Via Alex Tabarrok, I came across a post on the blog of Stanford’s Hoover Institution by law professor Richard Epstein regarding attitudes toward police shootings.

In reading Epstein’s post, I was struck not so much by their content (pro-police views of the center-right variety, basically suggesting we give the benefit of the doubt to police in controversial situations such as the shooting of Michael Brown in Ferguson, Missouri) but rather by its writing style, in which a series of cliches are juxtaposed in a sort of collage:

It often turns out that libertarians are their own worst enemies in their critique of tough current affairs . . . harbor grave doubts . . . It is not that I entirely part company . . . libertarians of all stripes . . . public authorities, without whom we cannot enjoy the ordered liberty that we all prize . . . a regrettable necessity . . . fringe groups . . . chaos and sectarian violence . . . the shuddering connotations . . . back to the old story . . . neither the training nor the temperament . . .  the swollen ranks . . . These cases resist any orderly characterization . . . not to jump to judgment . . . It is not that the problem is not serious . . . the visual evidence makes it all too clear . . . snap judgments about right and wrong . . . The accounts vary all over the map . . . surges to the fore . . . Full and prompt disclosure . . . tamp down on local distrust . . . By the same token . . . a sorry state of affairs . . . axe to grind . . . The situation does not get any easier when we seek to draw broad implications from this tragic incident . . . It is of course an open question . . . anguished reflection . . . the use of excessive force by police is always inexcusable . . . tamp down on those forms of abuses . . . a weak link in the system . . . These arguments speak, moreover . . . which in the end . . . any distinctive take on these critical issues . . . That is ultimately the challenge of any responsible system of public administration . . . that task need not raise profound questions . . . a common moral substrate . . . public confidence and respect . . . No easy job . . .

Or, as Orwell put it in his famous article:

Objective consideration of contemporary phenomena compels the conclusion that success or failure in competitive activities exhibits no tendency to be commensurate with innate capacity, but that a considerable element of the unpredictable must invariably be taken into account.

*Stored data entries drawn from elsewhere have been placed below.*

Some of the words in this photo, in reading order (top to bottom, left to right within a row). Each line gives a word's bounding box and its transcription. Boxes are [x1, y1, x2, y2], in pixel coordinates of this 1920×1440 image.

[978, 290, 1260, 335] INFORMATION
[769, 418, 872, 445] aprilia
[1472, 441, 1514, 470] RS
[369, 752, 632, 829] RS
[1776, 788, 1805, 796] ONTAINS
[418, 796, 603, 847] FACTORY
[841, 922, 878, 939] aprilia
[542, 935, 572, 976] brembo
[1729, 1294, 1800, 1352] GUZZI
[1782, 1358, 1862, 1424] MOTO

Okay, part of this is simply a culture clash.  I don’t hang out with the kind of people who would use a phrase such as “shuddering connotations,” “anguished reflection” or “a sorry state of affairs.”  But it’s more than that. Orwell wrote, “In our time, political speech and writing are largely the defence of the indefensible.”  Here I am taking a slightly different position:  I’m not saying that Epstein is defending the indefensible — I have no idea what is defensible or not regarding the Ferguson, Mo., police department. Rather, I’m saying that his piling-on of cliches is a thoughtless style of writing that leads to serious errors.

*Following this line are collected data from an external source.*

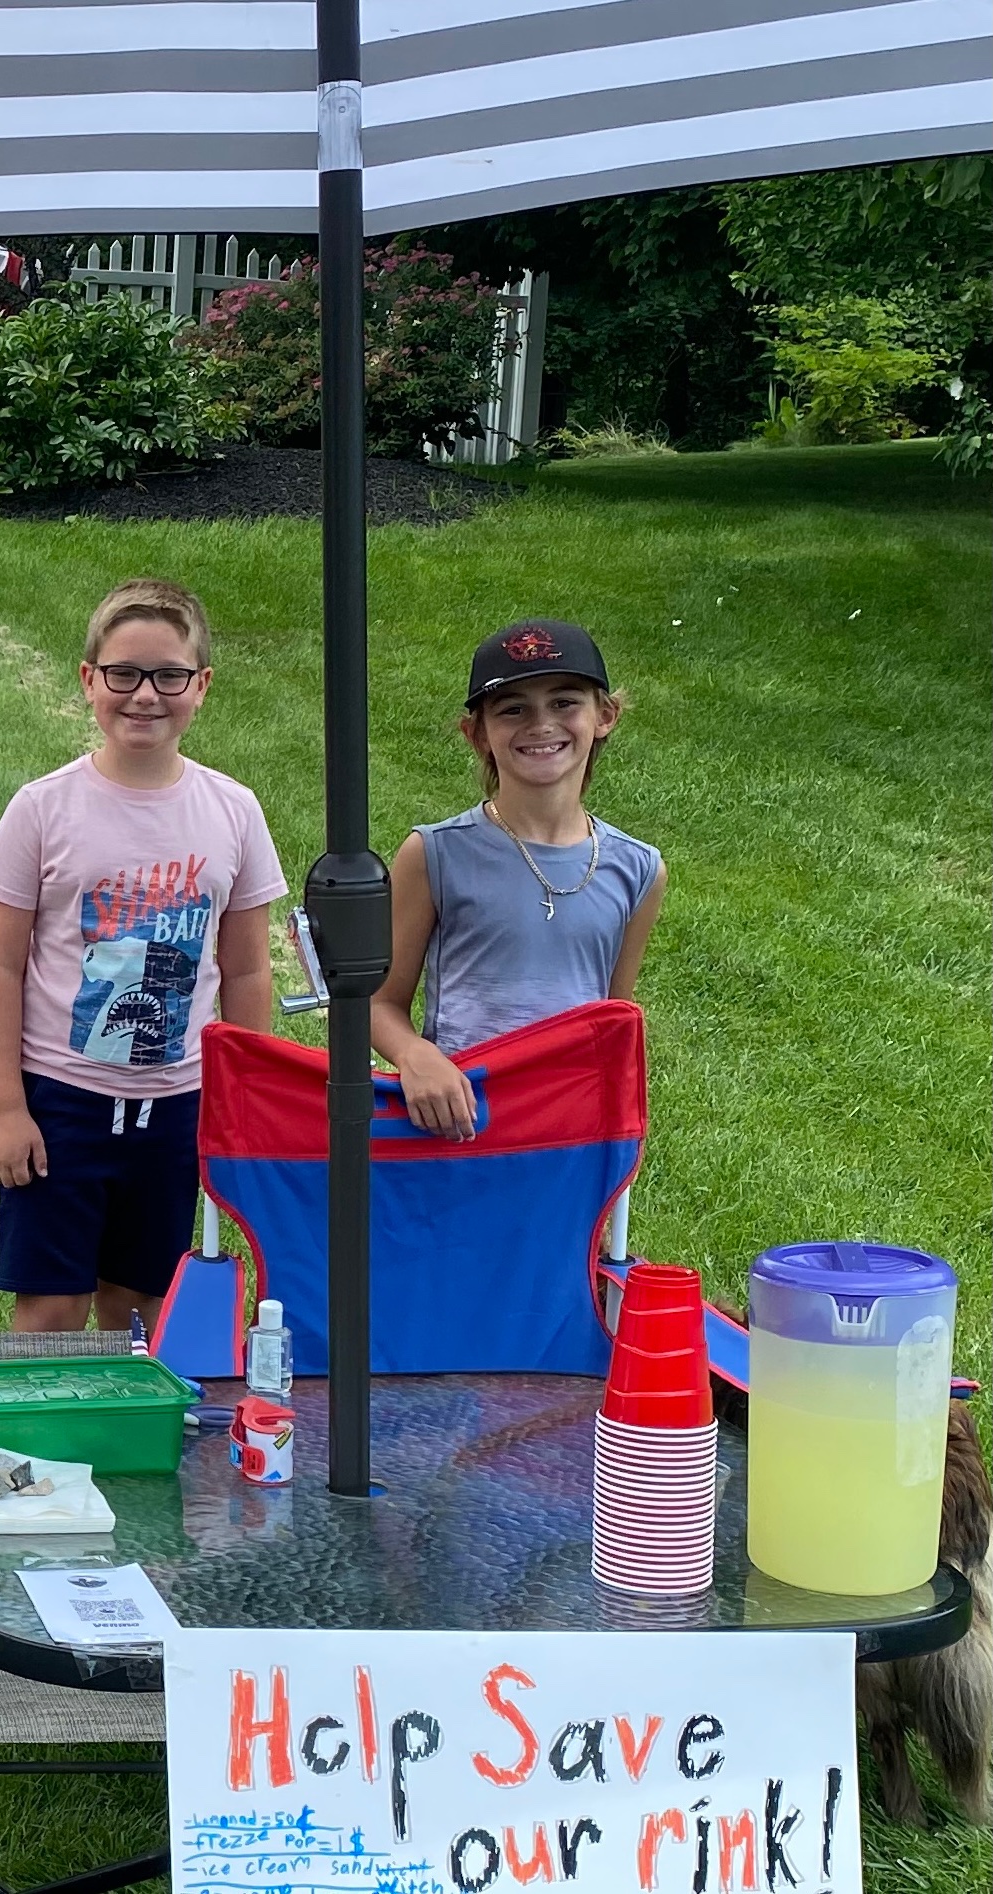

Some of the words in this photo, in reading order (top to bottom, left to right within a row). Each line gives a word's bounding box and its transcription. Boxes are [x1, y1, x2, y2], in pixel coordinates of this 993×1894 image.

[85, 854, 207, 942] SHARK
[153, 908, 210, 943] BAIT
[471, 1662, 726, 1787] Save
[450, 1816, 602, 1894] our
[637, 1766, 843, 1894] rink!

Here’s my concern:  One trouble with using cliches is that you can end up writing false statements — statements you know are false — but you don’t realize it because you get caught in the flow of the writing.  This happens a lot, and it’s something that I see in scientific as well as journalistic writing. People use phrases that sound good, and sound sensible, and that seems to be enough.  But it’s not.

In particular, here are three items from Epstein’s post:

1. “the police, with their own monopoly over the use of force”

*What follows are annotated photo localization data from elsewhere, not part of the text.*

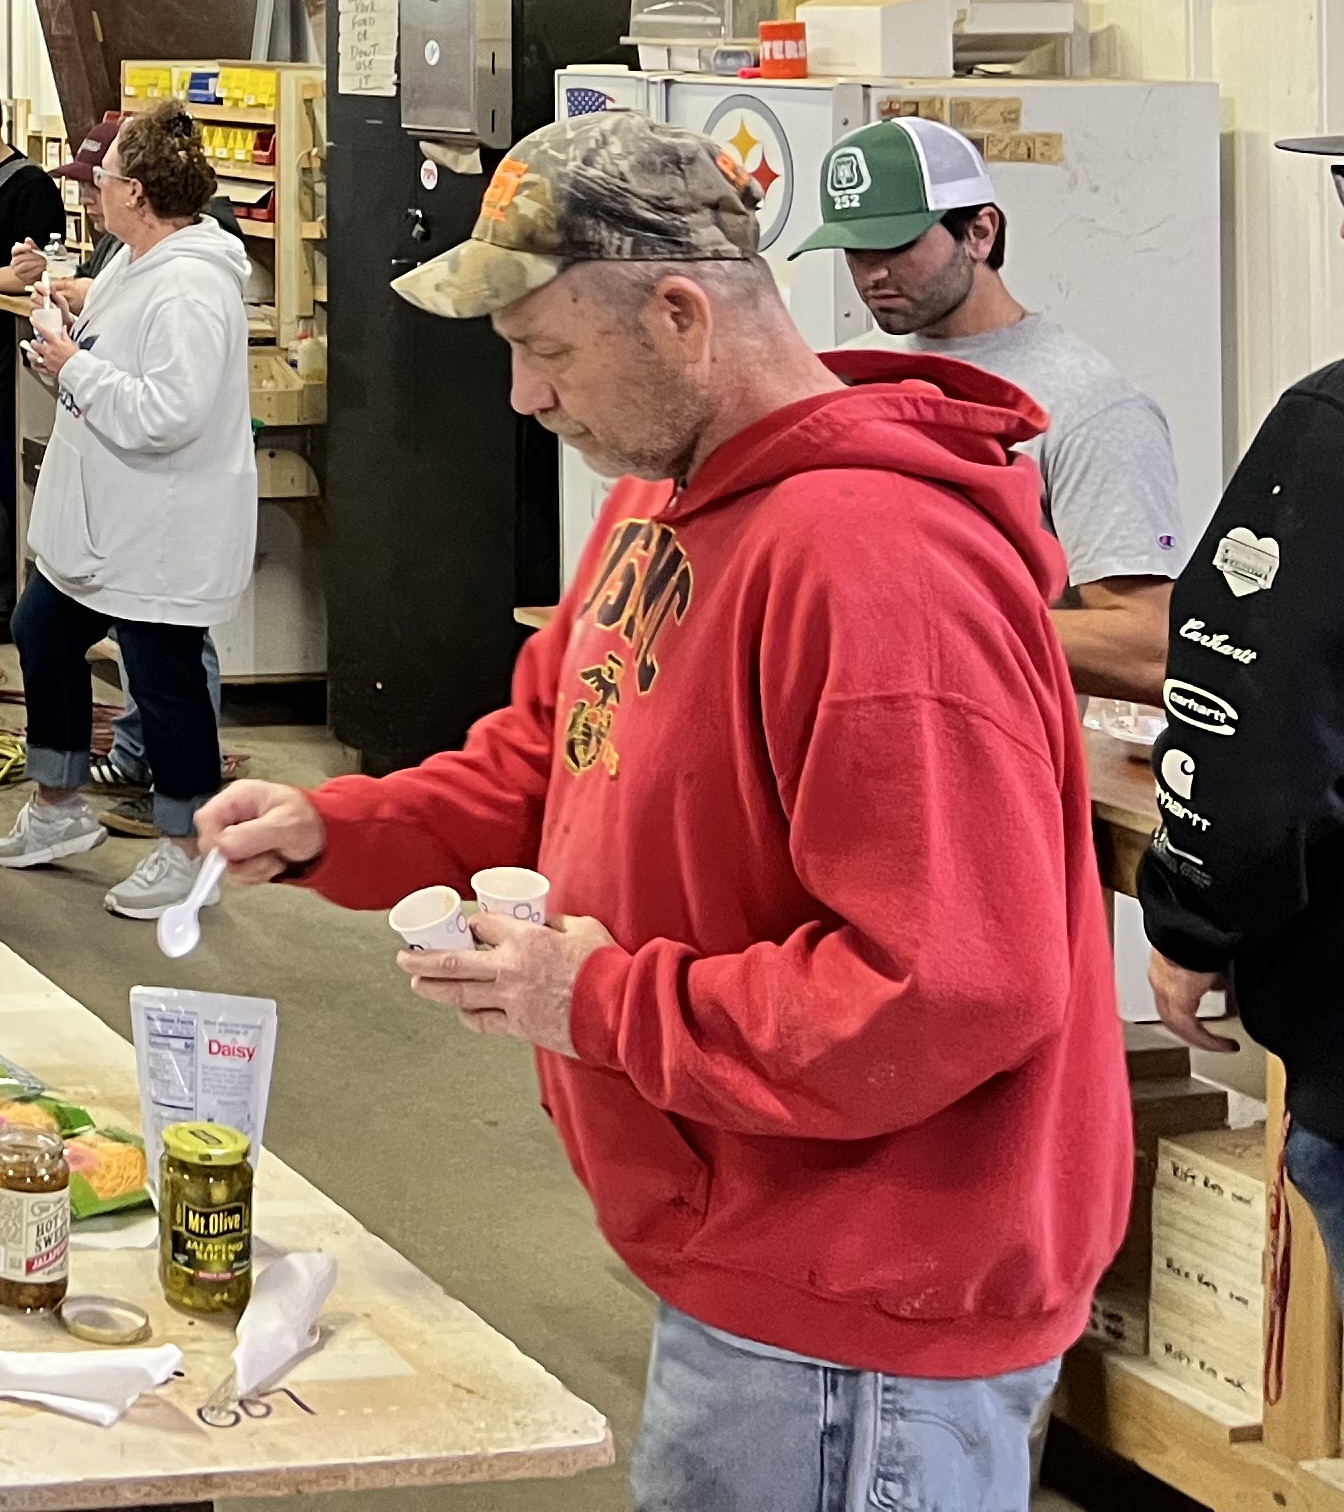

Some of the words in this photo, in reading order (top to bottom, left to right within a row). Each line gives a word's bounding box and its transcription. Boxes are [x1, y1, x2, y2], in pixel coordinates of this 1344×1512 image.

[355, 2, 375, 13] YOUR
[352, 16, 375, 30] FOOD
[357, 29, 369, 42] OR
[356, 58, 374, 71] USE
[359, 74, 372, 88] IT
[834, 194, 860, 210] 252
[1179, 618, 1257, 664] Carhartt
[1169, 691, 1227, 723] carhartt
[208, 1038, 256, 1063] Daisy
[36, 1214, 58, 1237] HOT
[209, 1211, 241, 1235] Olive

2. “And when they fall short . . . [the police] cannot plead the excuses available to ordinary people who have neither the training nor the temperament to engage successfully in the use of force.”

3. “[Deaths of police officers] are more common than deaths to citizens from police officers”

Item 1 doesn’t seem right to me.  Millions of Americans own and use guns legally. Indeed, elsewhere in his post, Epstein defends non-police officer George Zimmerman’s use of force in shooting Trayvon Margin.  So the use of deadly force in the United States is not monopolized by the police, either legally or in practice.

Item 2 seems wrong too, in that its phrasing implies to me that police necessarily have the temperament to engage successfully in the use of force.  Training, sure, but temperament?

As for item 3, I’m not sure on this one but a bunch of commenters to Epstein’s blog disagree.  One commenter points to this post by Reuben Fischer-Baum and Al Johri estimating that about 1,000 Americans are killed by the police each year, which is quite a bit larger than the “105 total deaths [of police officers], with 30 by gunfire” cited by Epstein.

In his post, Richard Epstein writes:

I often like to say that I am a professor of law and not a professor of facts . . .

But in this world we all need to be “professors of facts.”  Otherwise, look what happens.